I’ve been playing with Stable Diffusion on my M1. The DiffusionBee app is a terrific way to immediately play with Stable Diffusion.
However, if I use anthing other than 512x512 for the image size, it bogs down my machine at best, and crashes the entire machine at worst.
So, I have been investigating upscaling, a process where a low-rez image is “upscaled” to produce a higher resolution image, but without quality loss. The fun thing about upscaling is that it produces an image where the lines are much more organic and lively, rather than simply doing a raw mathematical calculation to add pixels.
I did some research, and found a great video on upscaling, that promotes ChaiNNer.
https://github.com/joeyballentine/chaiNNer
My results with using ChaiNNer were mixed. It certainly has a beautiful UI. However, attempting to install NCNN seemed to succeed, but no where in the UI did it tell me where and if the model weights were installed. I see in the screenshots that I should just be able to select the weights. Unfortunately, doing a search for “.bin” files with RealESR (find ~/ | grep -i realesr
) did not produce anthing. I’m unsure where/if they are installed, and as such get the complaint from the app that a mising input (the model itself) prevents me from upscaling.
While searching for the model downloads, I came across this project:
https://github.com/nihui/waifu2x-ncnn-vulkan/releases
I downloaded this project, and then ran the app (after accepting all the OSX security questions):
./waifu2x-ncnn-vulkan
Usage: waifu2x-ncnn-vulkan -i infile -o outfile [options]...
-h show this help
-v verbose output
-i input-path input image path (jpg/png/webp) or directory
-o output-path output image path (jpg/png/webp) or directory
-n noise-level denoise level (-1/0/1/2/3, default=0)
-s scale upscale ratio (1/2/4/8/16/32, default=2)
-t tile-size tile size (>=32/0=auto, default=0) can be 0,0,0 for multi-gpu
-m model-path waifu2x model path (default=models-cunet)
-g gpu-id gpu device to use (-1=cpu, default=auto) can be 0,1,2 for multi-gpu
-j load:proc:save thread count for load/proc/save (default=1:2:2) can be 1:2,2,2:2 for multi-gpu
-x enable tta mode
-f format output image format (jpg/png/webp, default=ext/png)
time ./waifu2x-ncnn-vulkan -i ~/Documents/guinea-pig-in-bed.png -s 4 -o ~/Documents/up.png
[0 Apple M1] queueC=0[1] queueG=0[1] queueT=0[1]
[0 Apple M1] bugsbn1=0 bugbilz=0 bugcopc=0 bugihfa=0
[0 Apple M1] fp16-p/s/a=1/1/1 int8-p/s/a=1/1/1
[0 Apple M1] subgroup=32 basic=1 vote=1 ballot=1 shuffle=1
./waifu2x-ncnn-vulkan -i ~/Documents/guinea-pig-in-bed.png -s 4 -o 0.50s user 0.15s system 21% cpu 2.932 total
$ ls -lha ~/Documents/up.png ~/Documents/guinea-pig-in-bed.png
-rw-r--r--@ 1 chrisdawson staff 342K Sep 12 16:25 /Users/chrisdawson/Documents/guinea-pig-in-bed.png
-rw-r--r--@ 1 chrisdawson staff 3.2M Sep 22 10:03 /Users/chrisdawson/Documents/up.png
By far much easier to use than ChaiNNer, and though many might disagree, much preferrable because it is command line.
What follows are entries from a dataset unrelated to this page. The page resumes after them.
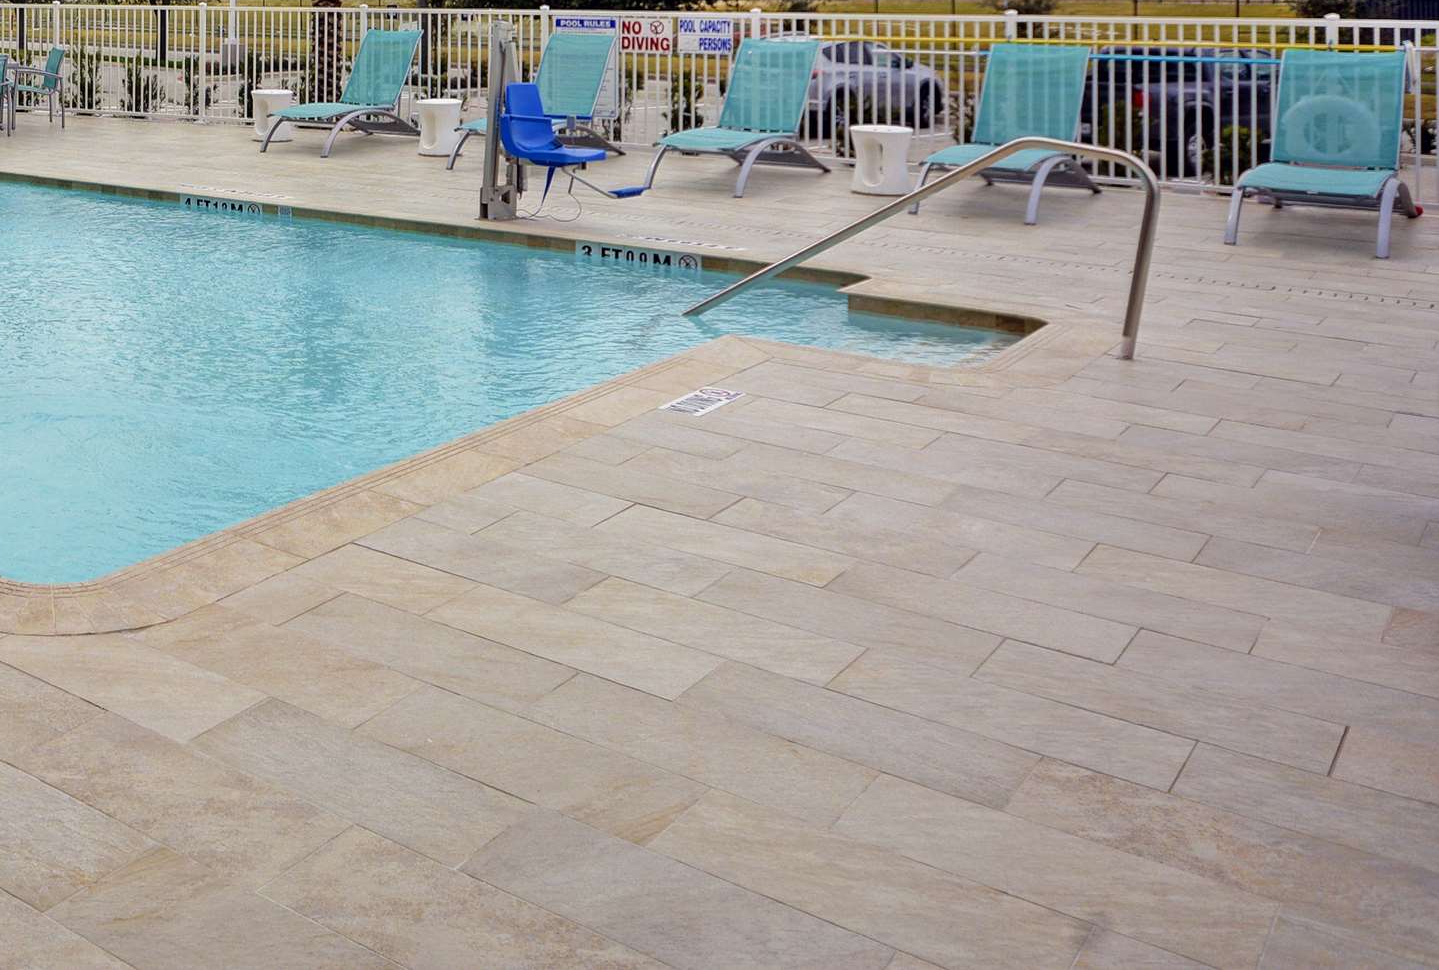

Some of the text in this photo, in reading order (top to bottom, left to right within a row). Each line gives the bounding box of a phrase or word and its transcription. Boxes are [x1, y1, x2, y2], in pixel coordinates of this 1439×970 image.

[560, 20, 611, 29] POOL RULES
[621, 20, 642, 35] NO
[679, 19, 730, 34] POOL CAPACITY
[621, 36, 670, 51] DIVING
[699, 37, 732, 52] PERSONS
My mind is whirring with the scripting opportunities. Also, while DiffusionBee might take 30 seconds to generate the image, upscaling takes only 3-4 seconds of time (I’m confused about the output on my M1, I think it is not reporting correctly).
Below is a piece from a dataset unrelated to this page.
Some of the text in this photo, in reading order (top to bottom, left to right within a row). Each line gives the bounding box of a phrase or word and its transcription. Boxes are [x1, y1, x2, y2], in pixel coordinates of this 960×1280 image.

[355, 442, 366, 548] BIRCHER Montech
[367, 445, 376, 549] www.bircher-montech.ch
As I experiment with AI/ML, there are always barriers that prevent me from using the software. There are basically three categories for using AI/ML. As a beginner to the space (though not a software newbee), each comes with its own pros and cons.GUI Apps: as an example, DiffusionBee is terrific. It works. But, it is limited, and does not support, for example, img2img, nor inpainting. And, not scriptable.
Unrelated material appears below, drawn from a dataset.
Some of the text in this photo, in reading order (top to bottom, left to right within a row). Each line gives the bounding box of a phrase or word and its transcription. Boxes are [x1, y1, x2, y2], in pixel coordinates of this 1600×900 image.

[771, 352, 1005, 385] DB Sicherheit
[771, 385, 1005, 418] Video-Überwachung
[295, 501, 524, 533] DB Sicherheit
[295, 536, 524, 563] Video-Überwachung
Local ML Toolkit. I’ve been successful at running StableDiffusion, despite my inexperience with Python. But, I’ve been blocked multiple times when I am using instructions because I did not have the correct version of python, or didn’t understand which python environment tool to use (seems there is dissent about whether to use conda or virtualenv, and I’m not familiar enough to understand the intricacies). Or, I was blocked when I couldn’t install a direct dependency using pip, or an indirect dependency like opencv. For example, opencv4 is available in brew, but that is not what Stable Diffusion Infinity (inpainting: https://github.com/lkwq007/stablediffusion-infinity) wants.
AI Hosted. I love Colab and r8.com. And, sometimes the notebooks just don’t work, and I feel less familiar with troubleshooting than if it were my machine.
Command line binaries. I love waifu2x-ncnn-vulkan
so far. Runs fast. Scriptable. Prints out the switches for immediate usage.
At any rate, fun toys!